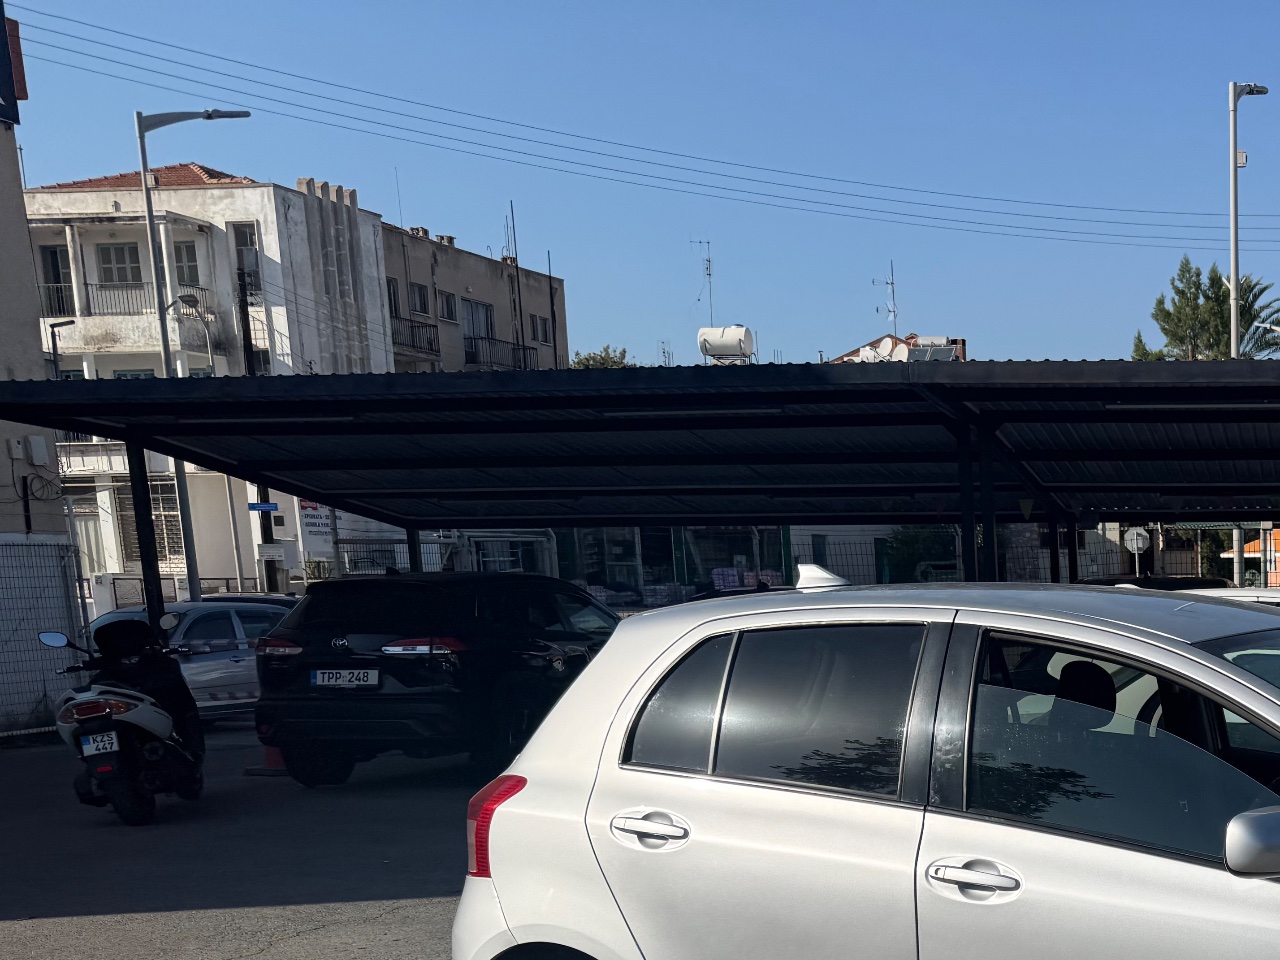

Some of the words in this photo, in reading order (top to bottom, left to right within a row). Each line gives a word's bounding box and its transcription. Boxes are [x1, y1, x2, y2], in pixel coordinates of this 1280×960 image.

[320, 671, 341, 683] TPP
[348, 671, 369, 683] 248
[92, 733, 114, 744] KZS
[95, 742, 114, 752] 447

-- -- --

Pictures aside, reproduce every record exactly as it stands.

* Solution to this problem:
Some of the words in this photo, in reading order (top to bottom, left to right within a row). Each line gives a word's bounding box and its transcription. Boxes are [x1, y1, x2, y2], in pixel coordinates of this 1280×960 image.

[320, 671, 341, 683] TPP
[348, 671, 369, 683] 248
[92, 733, 114, 744] KZS
[95, 742, 114, 752] 447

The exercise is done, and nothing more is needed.